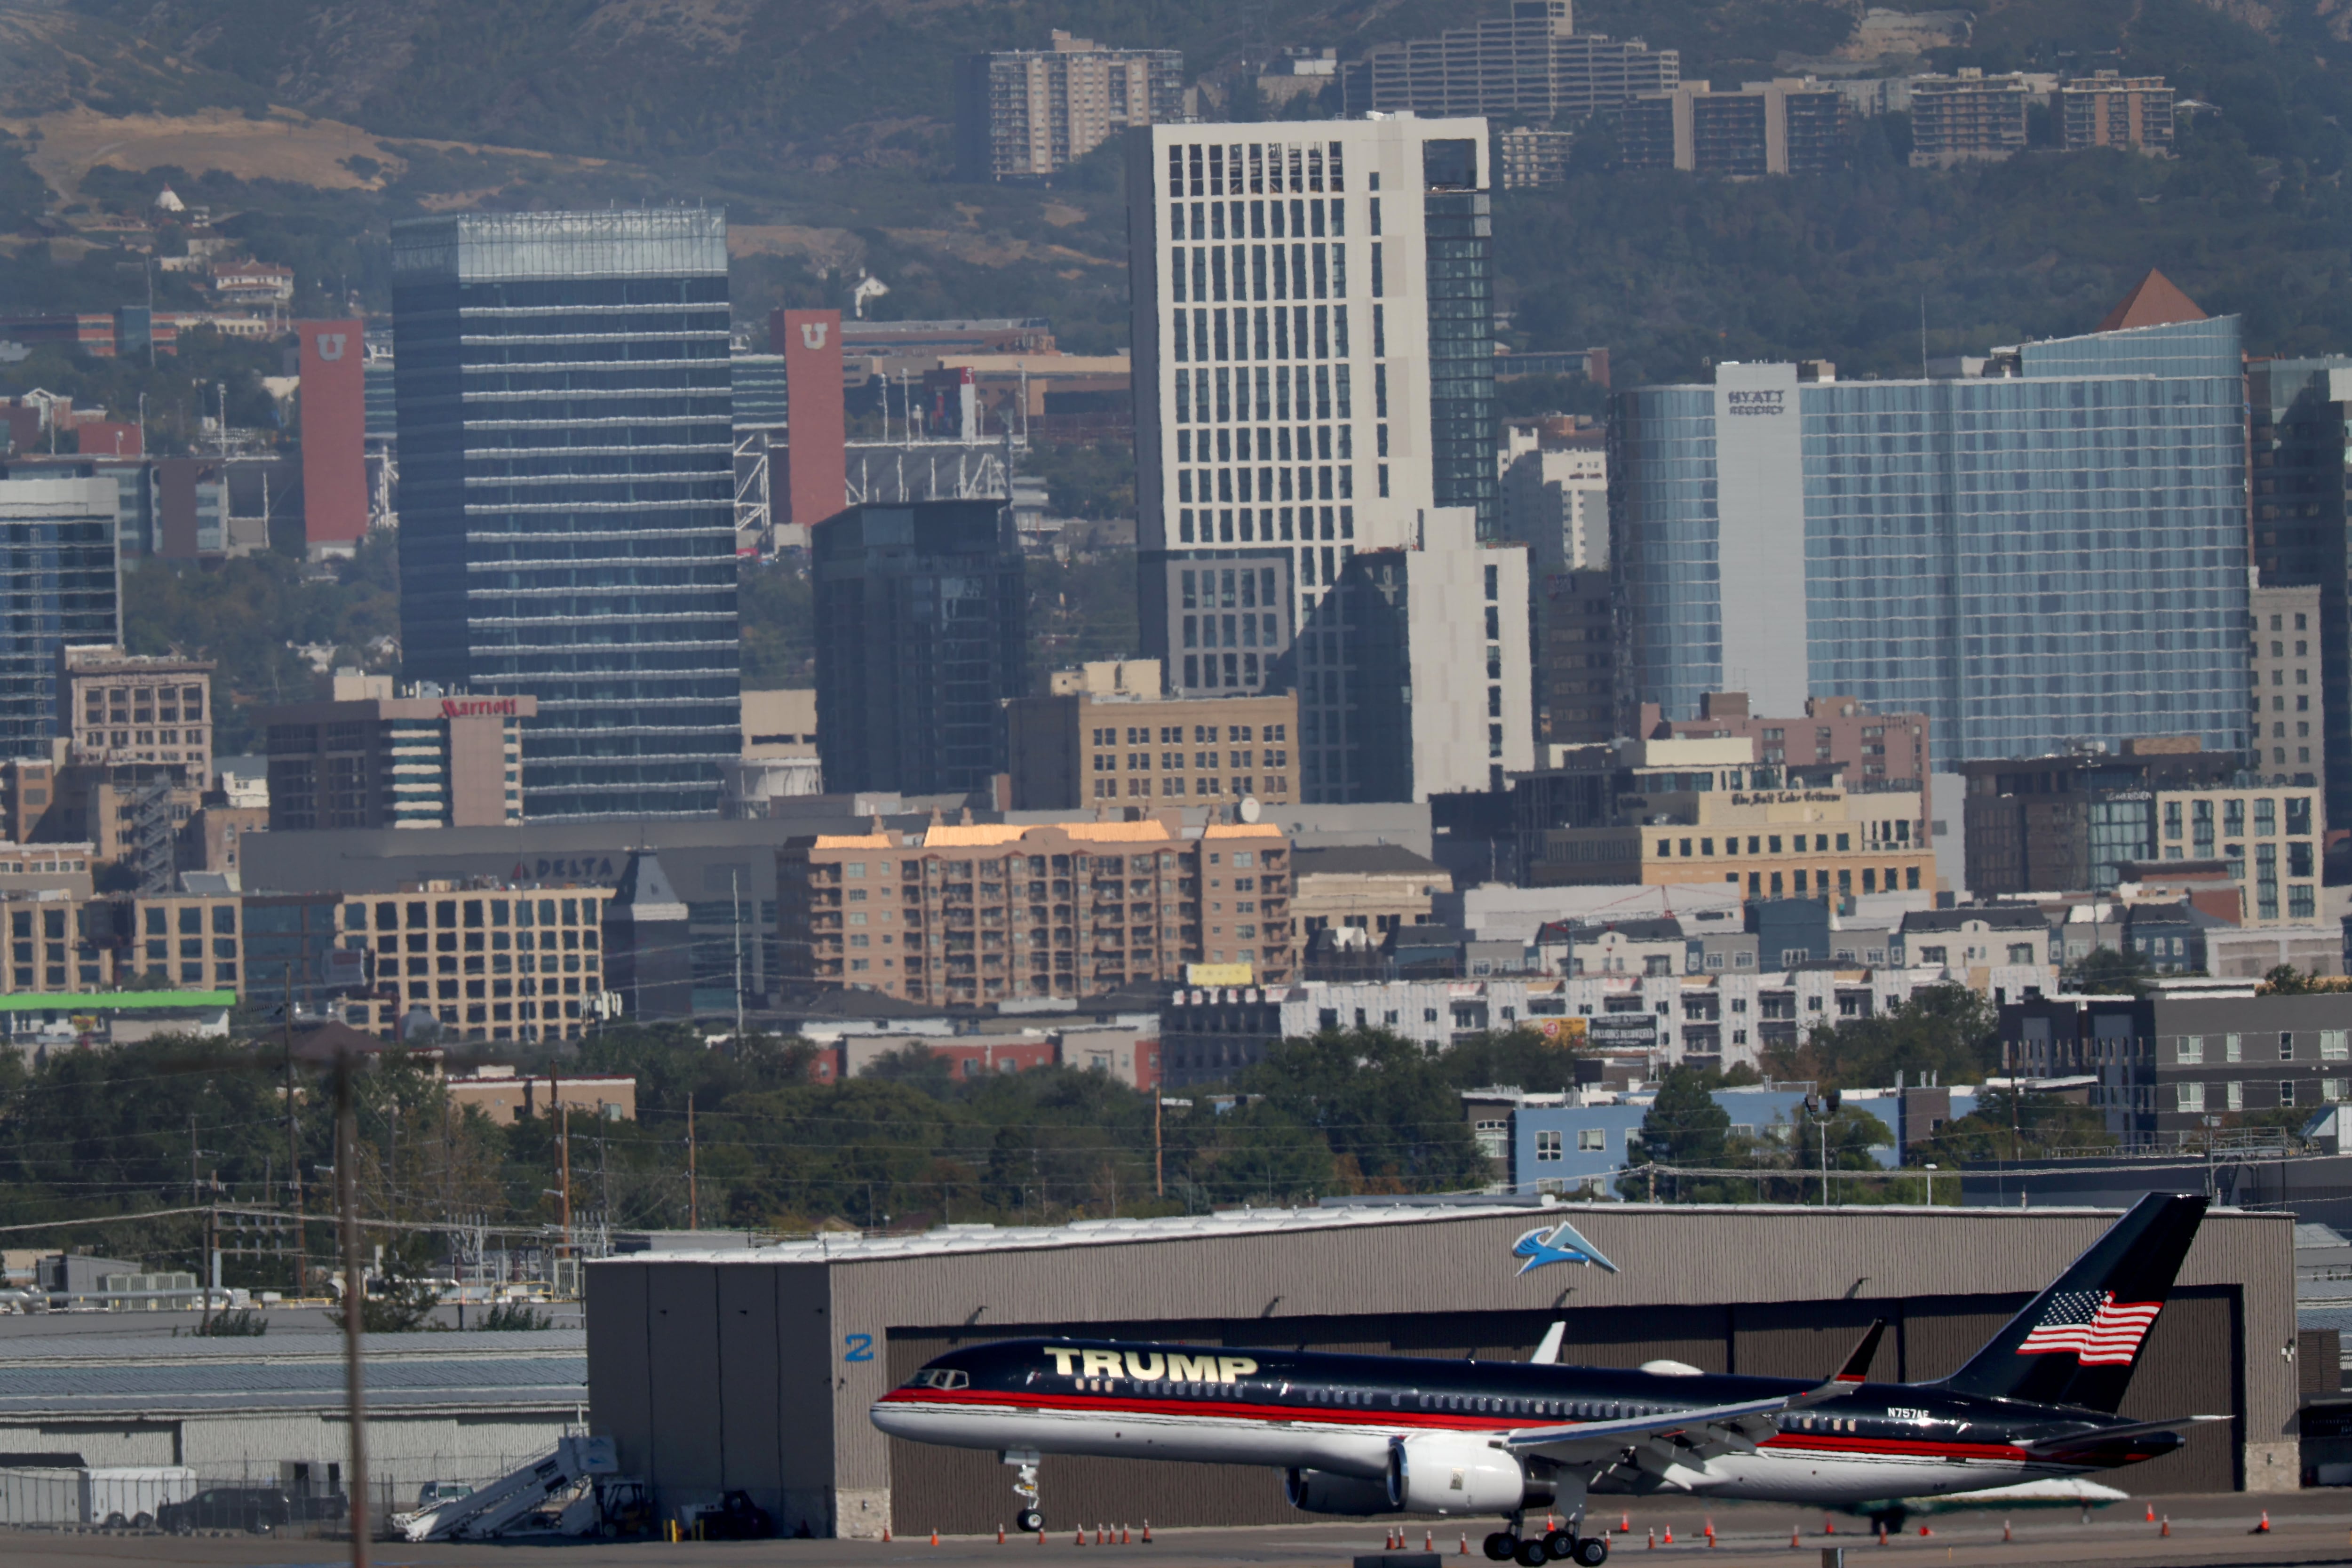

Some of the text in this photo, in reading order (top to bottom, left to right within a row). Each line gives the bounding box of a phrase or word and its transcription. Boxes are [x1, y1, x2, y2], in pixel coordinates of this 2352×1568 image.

[317, 334, 346, 361] U
[801, 323, 827, 350] U
[1728, 390, 1785, 404] HYATT
[438, 700, 516, 717] Marriott
[537, 857, 613, 878] DELTA
[845, 1333, 874, 1362] 2
[1044, 1346, 1258, 1384] TRUMP

========

## What is expected
Copy every record character for character. Skip the pictures.

## Completed task
Some of the text in this photo, in reading order (top to bottom, left to right within a row). Each line gives the bounding box of a phrase or word and its transcription. Boxes are [x1, y1, x2, y2], in pixel coordinates of this 2352×1568 image.

[317, 334, 346, 361] U
[801, 323, 827, 350] U
[1728, 390, 1785, 404] HYATT
[438, 700, 516, 717] Marriott
[537, 857, 613, 878] DELTA
[845, 1333, 874, 1362] 2
[1044, 1346, 1258, 1384] TRUMP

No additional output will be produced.